- [Problem to work on]
Word for word and without images, reproduce the listing that follows.
◇ ◇ ◇
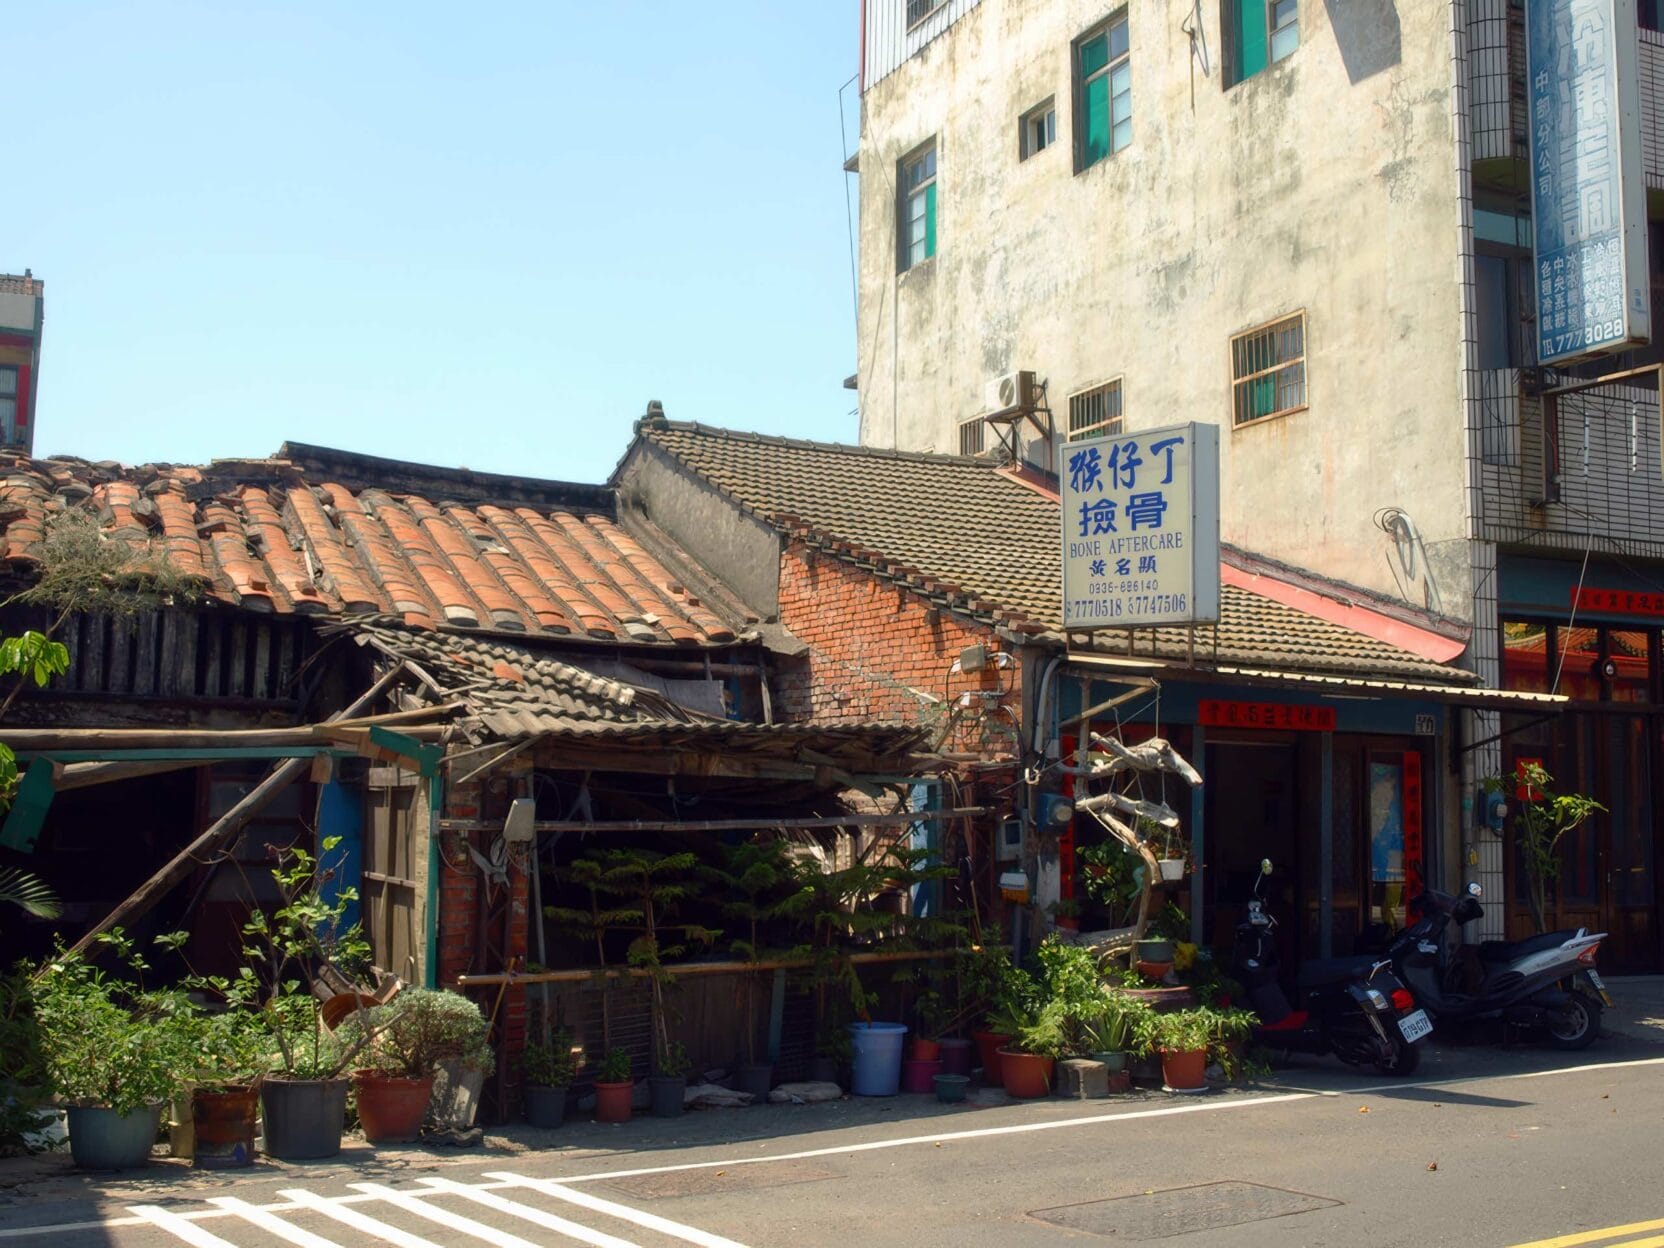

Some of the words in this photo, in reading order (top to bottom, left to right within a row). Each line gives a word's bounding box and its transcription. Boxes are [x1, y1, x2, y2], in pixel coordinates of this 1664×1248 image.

[1535, 69, 1552, 196] 中部分公司
[1069, 436, 1185, 493] 猴仔丁
[1078, 491, 1168, 537] 撿骨
[1070, 540, 1101, 559] BONE
[1109, 532, 1183, 554] AFTERCARE
[1075, 598, 1122, 618] 7770518
[1136, 594, 1186, 615] 7747506
◇ ◇ ◇
- [Output]
Some of the words in this photo, in reading order (top to bottom, left to right within a row). Each line gives a word's bounding box and its transcription. Boxes are [x1, y1, x2, y2], in pixel coordinates of this 1664×1248 image.

[1535, 69, 1552, 196] 中部分公司
[1069, 436, 1185, 493] 猴仔丁
[1078, 491, 1168, 537] 撿骨
[1070, 540, 1101, 559] BONE
[1109, 532, 1183, 554] AFTERCARE
[1075, 598, 1122, 618] 7770518
[1136, 594, 1186, 615] 7747506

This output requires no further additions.